Somehow, I became her favorite. In the morning she would come to my side of the bed to wake us because she wanted her food and treats. Cats know the sucker.

I made her do this trick. I would say, "Be the Bunny" and she would curl up and make a flirty face and act cute. She would only do this for me.

When we went away, we would get a cat sitter so as not to upset Kitty, who only liked to be in familiar surroundings. One time we boarded her at a place called "Exclusively Cats" so she would not be traumatized — but she would not talk to us for a week when we got home.

I suppose because I had no more children to mother, I mothered this cat way beyond the pale of what a pet lover should do.

Kitty got diabetes four years ago. Gary had to give her shots twice a day and after a while she could not make it to the litter box and would go on the floor. We eventually had to limit her to the kitchen because of her accidents.

Kitty was 19 years old when she died. The week before, we knew it was bad because she was not eating much and could barely walk.
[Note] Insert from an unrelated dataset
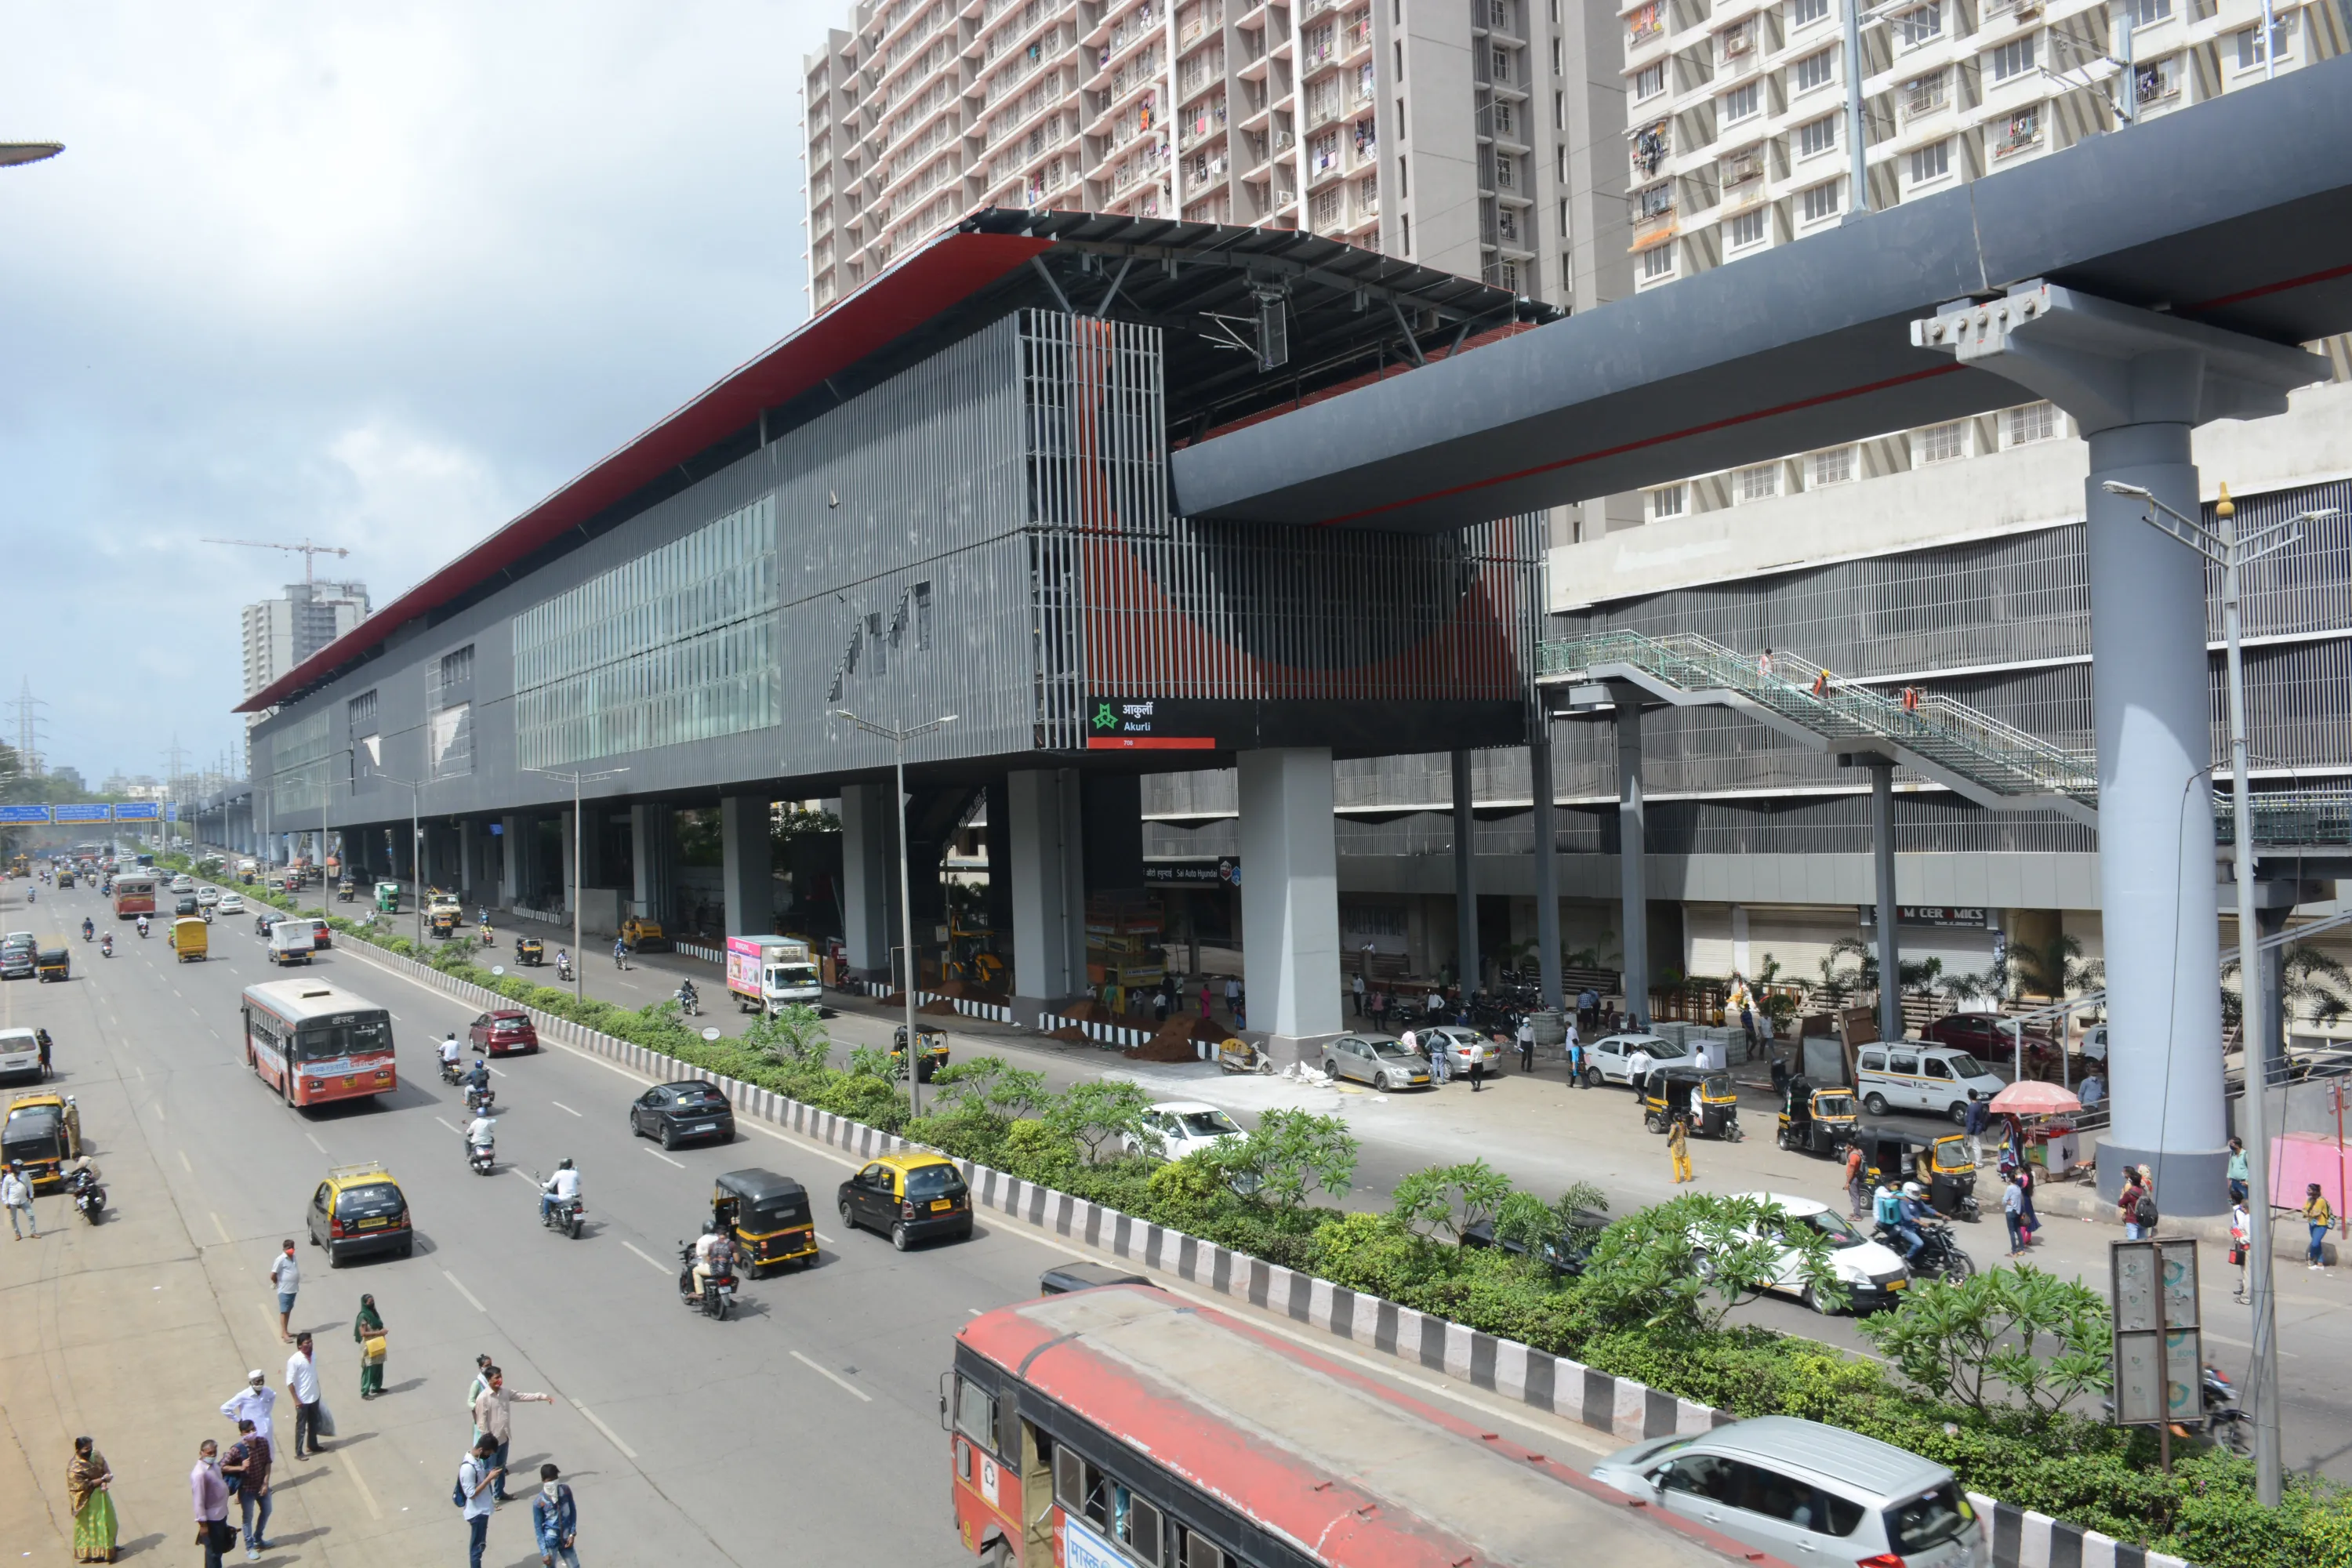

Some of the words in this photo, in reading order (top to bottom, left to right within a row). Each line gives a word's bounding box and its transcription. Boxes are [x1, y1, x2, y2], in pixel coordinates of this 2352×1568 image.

We called the home vet who had been treating her and she was going to come on Monday.
I held out hope.

Monday came and Gary didn't call me at work, after the vet came to the house at noon. I was afraid to call him, but by 2 o'clock I did. He told me that he had to put kitty down.

He wrapped her in her favorite blankie and buried her in the yard. The day after he went out and put leaves on her grave because he was afraid she was cold.

This got me and I sobbed inconsolably.

There is a strange silence in the house, a loss I never allowed myself to feel after my second husband's death and my children's departure.

I keep thinking I have to go down and check and see if she has enough water, then I remember she is gone.

I go to say, "Gary get up and give the cat her shot," and then I remember. I see her little cat toys and I am wracked with sadness.

When my second husband died I was stoic. I removed his clothes and hid away other objects that had his DNA on them.

I steeled myself from the grief you are supposed to let yourself feel.

My whole life I had to push on and push through loss. My first marriage that ended in divorce, the death of my parents, the loss of my second husband, the departure of my children.

I never could let myself feel because if I totally grasped the loss I was afraid I would not be able to function and I had to function, so I hid the reminders. I put pictures in drawers. I just kept thinking they were still just around the corner in my mind — that they were somewhere just waiting for me.

Somehow the death of this cat made the walls fall away and I feel the import of all these losses and I am shocked at the grief.

A little cat who never said a word but an occasional meow has released a torrent in me.

I could never bring myself to visit any of the graves of my parents or my husband, after their funerals.

But now I look out at the mound of dirt, adorned with flowers and there is no escape.

This coward finally mourns them all.